▶ What is required:
Word for word, reproduce the records that follow.

The input START

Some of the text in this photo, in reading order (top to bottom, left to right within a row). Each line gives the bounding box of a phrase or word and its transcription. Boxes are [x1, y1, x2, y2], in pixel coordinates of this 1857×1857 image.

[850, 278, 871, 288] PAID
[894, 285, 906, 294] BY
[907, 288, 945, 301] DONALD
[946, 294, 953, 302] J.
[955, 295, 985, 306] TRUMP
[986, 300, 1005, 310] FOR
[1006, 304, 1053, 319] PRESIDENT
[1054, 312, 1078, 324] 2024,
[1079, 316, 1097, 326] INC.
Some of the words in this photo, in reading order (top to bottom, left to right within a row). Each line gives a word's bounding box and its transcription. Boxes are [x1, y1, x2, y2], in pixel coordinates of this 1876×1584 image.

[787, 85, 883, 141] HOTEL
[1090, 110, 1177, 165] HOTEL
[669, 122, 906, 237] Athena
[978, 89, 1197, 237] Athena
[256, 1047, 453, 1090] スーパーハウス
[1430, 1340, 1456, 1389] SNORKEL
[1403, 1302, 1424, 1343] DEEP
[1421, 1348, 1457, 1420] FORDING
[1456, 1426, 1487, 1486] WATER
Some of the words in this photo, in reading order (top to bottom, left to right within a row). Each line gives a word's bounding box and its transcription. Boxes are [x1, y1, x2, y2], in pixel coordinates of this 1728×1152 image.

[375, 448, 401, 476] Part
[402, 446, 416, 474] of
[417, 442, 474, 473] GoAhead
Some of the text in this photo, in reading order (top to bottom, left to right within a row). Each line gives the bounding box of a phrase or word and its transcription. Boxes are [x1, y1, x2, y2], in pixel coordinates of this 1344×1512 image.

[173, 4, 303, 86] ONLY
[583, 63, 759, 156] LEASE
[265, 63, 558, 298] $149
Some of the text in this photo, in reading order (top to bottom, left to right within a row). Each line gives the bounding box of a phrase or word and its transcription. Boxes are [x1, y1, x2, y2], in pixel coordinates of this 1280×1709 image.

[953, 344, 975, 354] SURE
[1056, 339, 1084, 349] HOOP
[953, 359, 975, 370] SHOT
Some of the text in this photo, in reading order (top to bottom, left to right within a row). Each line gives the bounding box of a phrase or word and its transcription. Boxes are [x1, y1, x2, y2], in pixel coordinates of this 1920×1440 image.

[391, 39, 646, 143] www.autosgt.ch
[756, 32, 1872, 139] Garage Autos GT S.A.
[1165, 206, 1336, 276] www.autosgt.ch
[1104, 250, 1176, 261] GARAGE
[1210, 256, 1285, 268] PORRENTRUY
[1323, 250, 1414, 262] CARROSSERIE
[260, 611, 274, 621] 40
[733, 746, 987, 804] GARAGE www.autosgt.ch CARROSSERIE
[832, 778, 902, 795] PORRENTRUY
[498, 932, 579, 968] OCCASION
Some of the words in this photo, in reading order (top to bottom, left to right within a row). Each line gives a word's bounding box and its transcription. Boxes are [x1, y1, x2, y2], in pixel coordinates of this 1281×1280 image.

The input END

▶ Result for this exercise:
Some of the text in this photo, in reading order (top to bottom, left to right within a row). Each line gives the bounding box of a phrase or word and its transcription. Boxes are [x1, y1, x2, y2], in pixel coordinates of this 1857×1857 image.

[850, 278, 871, 288] PAID
[894, 285, 906, 294] BY
[907, 288, 945, 301] DONALD
[946, 294, 953, 302] J.
[955, 295, 985, 306] TRUMP
[986, 300, 1005, 310] FOR
[1006, 304, 1053, 319] PRESIDENT
[1054, 312, 1078, 324] 2024,
[1079, 316, 1097, 326] INC.
Some of the words in this photo, in reading order (top to bottom, left to right within a row). Each line gives a word's bounding box and its transcription. Boxes are [x1, y1, x2, y2], in pixel coordinates of this 1876×1584 image.

[787, 85, 883, 141] HOTEL
[1090, 110, 1177, 165] HOTEL
[669, 122, 906, 237] Athena
[978, 89, 1197, 237] Athena
[256, 1047, 453, 1090] スーパーハウス
[1430, 1340, 1456, 1389] SNORKEL
[1403, 1302, 1424, 1343] DEEP
[1421, 1348, 1457, 1420] FORDING
[1456, 1426, 1487, 1486] WATER
Some of the words in this photo, in reading order (top to bottom, left to right within a row). Each line gives a word's bounding box and its transcription. Boxes are [x1, y1, x2, y2], in pixel coordinates of this 1728×1152 image.

[375, 448, 401, 476] Part
[402, 446, 416, 474] of
[417, 442, 474, 473] GoAhead
Some of the text in this photo, in reading order (top to bottom, left to right within a row). Each line gives the bounding box of a phrase or word and its transcription. Boxes are [x1, y1, x2, y2], in pixel coordinates of this 1344×1512 image.

[173, 4, 303, 86] ONLY
[583, 63, 759, 156] LEASE
[265, 63, 558, 298] $149
Some of the text in this photo, in reading order (top to bottom, left to right within a row). Each line gives the bounding box of a phrase or word and its transcription. Boxes are [x1, y1, x2, y2], in pixel coordinates of this 1280×1709 image.

[953, 344, 975, 354] SURE
[1056, 339, 1084, 349] HOOP
[953, 359, 975, 370] SHOT
Some of the text in this photo, in reading order (top to bottom, left to right within a row). Each line gives the bounding box of a phrase or word and its transcription. Boxes are [x1, y1, x2, y2], in pixel coordinates of this 1920×1440 image.

[391, 39, 646, 143] www.autosgt.ch
[756, 32, 1872, 139] Garage Autos GT S.A.
[1165, 206, 1336, 276] www.autosgt.ch
[1104, 250, 1176, 261] GARAGE
[1210, 256, 1285, 268] PORRENTRUY
[1323, 250, 1414, 262] CARROSSERIE
[260, 611, 274, 621] 40
[733, 746, 987, 804] GARAGE www.autosgt.ch CARROSSERIE
[832, 778, 902, 795] PORRENTRUY
[498, 932, 579, 968] OCCASION
Some of the words in this photo, in reading order (top to bottom, left to right within a row). Each line gives a word's bounding box and its transcription. Boxes are [x1, y1, x2, y2], in pixel coordinates of this 1281×1280 image.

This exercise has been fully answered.